The following graph shows responsetime as a function of <asked-for-facets> (in query)

Note that responsetime is high for "low" <asked-for-facets>, and that it increases fast (but linearly) in <asked-for-facets> up until <asked-for-facets> is somewhere inbetween 5000 (where responsetime is close to 1000 secs) and 10000 (where responsetime is about 5 secs). For values of <asked-for-facets> above 10000 responsetime stays "low" at between 1-10 secs

Looking at the code and profiling it is clear that the change to better responsetime occurs when SimpleFacets.getFacetFieldCounts changes from using getListedTermCounts to using getTermCounts.

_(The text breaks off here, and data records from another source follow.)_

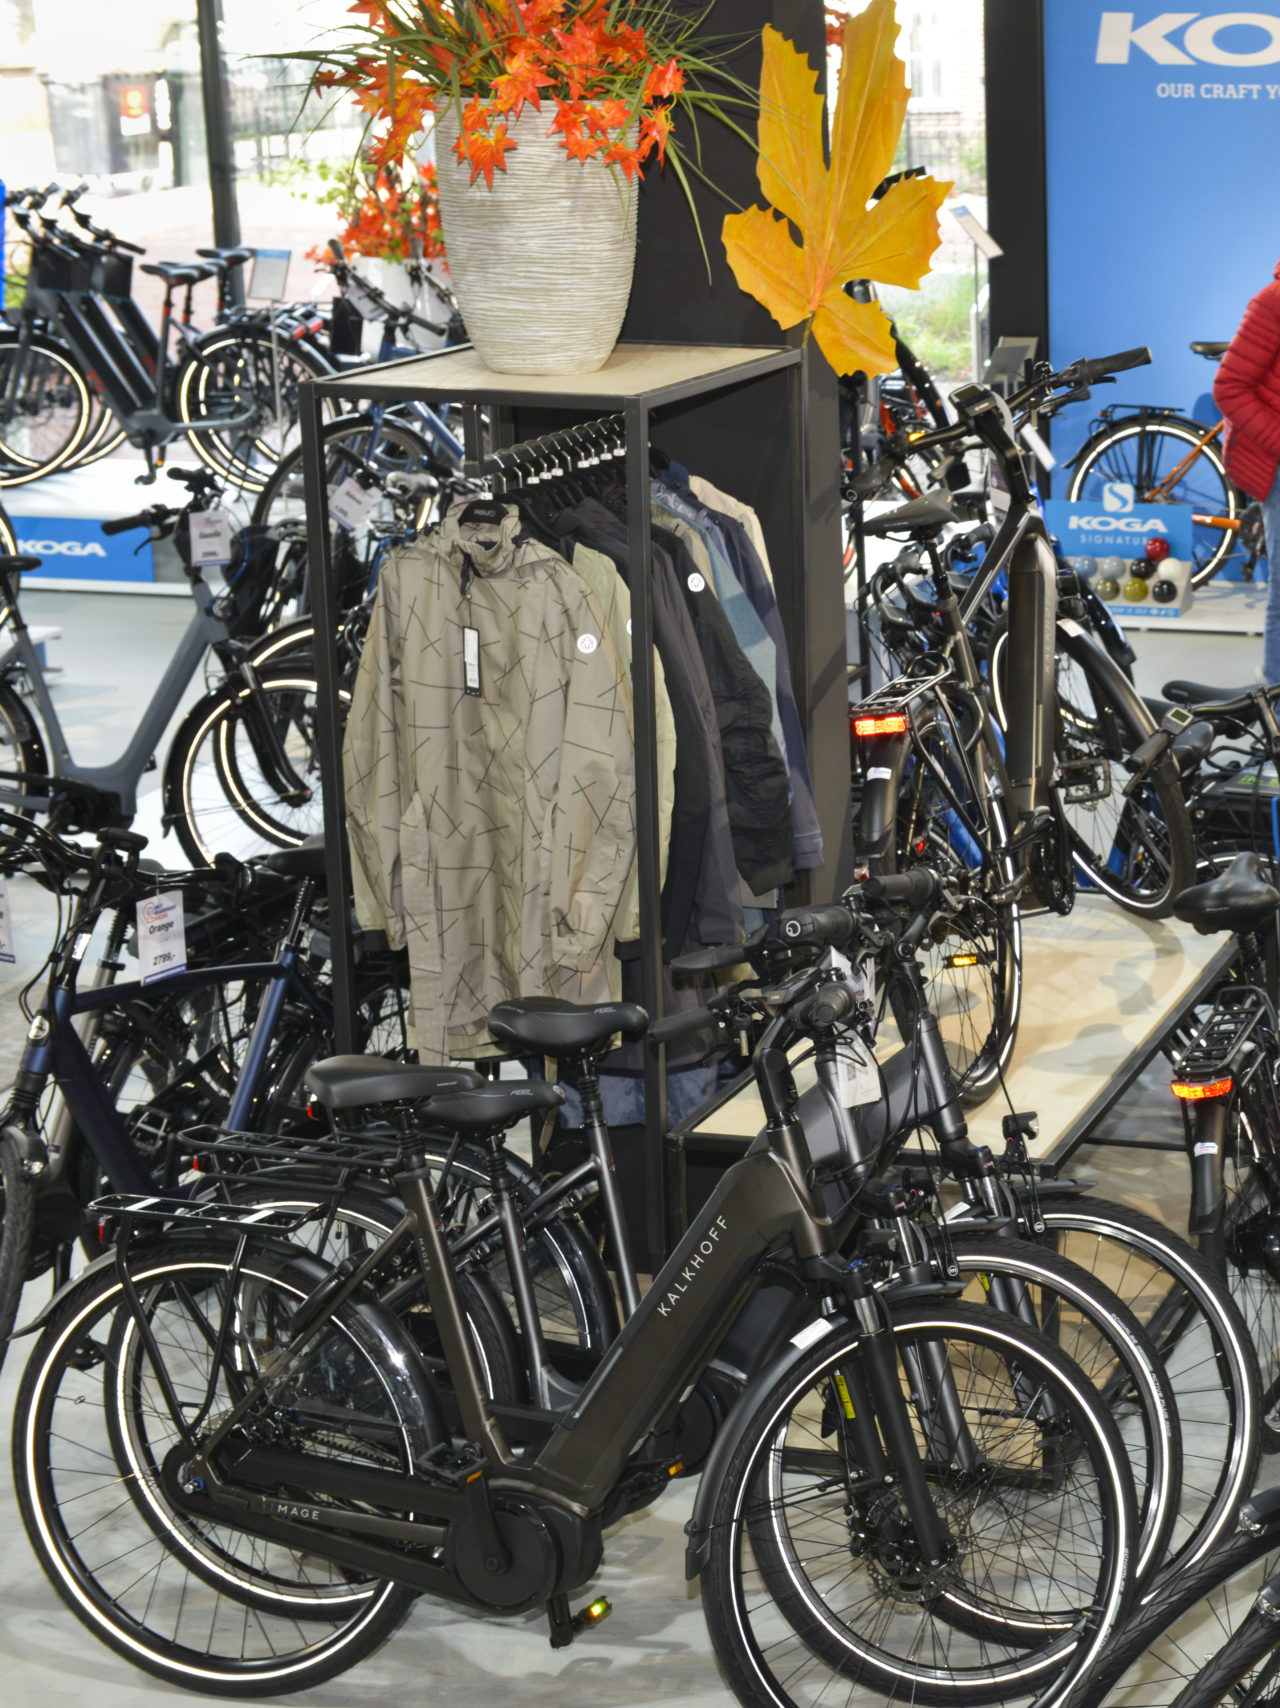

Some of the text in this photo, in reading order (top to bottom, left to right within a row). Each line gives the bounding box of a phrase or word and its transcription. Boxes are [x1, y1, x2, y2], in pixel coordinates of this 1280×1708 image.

[1156, 83, 1196, 98] OUR
[1200, 83, 1262, 99] CRAFT
[1068, 515, 1168, 533] KOGA
[1080, 534, 1149, 545] SIGNATUR
[17, 540, 107, 557] KOGA
[149, 921, 174, 935] Orange
[657, 1215, 727, 1317] KALKHOFF

The following image shows profiling information during a request with <asked-for-facets> at about 2000.

Note that

SimpleFacets.getListedTermCounts is used (green box)
91% of the time spent performing the query is spent in DocSetCollector-constructor (red box). During this concrete query 125000 DocSetCollection-objects are created spending 710 secs all in all. Additional investigations show that the time is spent allocating huge int-arrays for the "scratch"-int-array. Several thousands of those DocSetCollection-constructors create int-arrays at size above 1 million - that takes time, and also leaves a nice little job of the GC'er afterwards.
The actual search-part of the query takes only 0.5% (4 secs) of the combined time executing the query (blue box)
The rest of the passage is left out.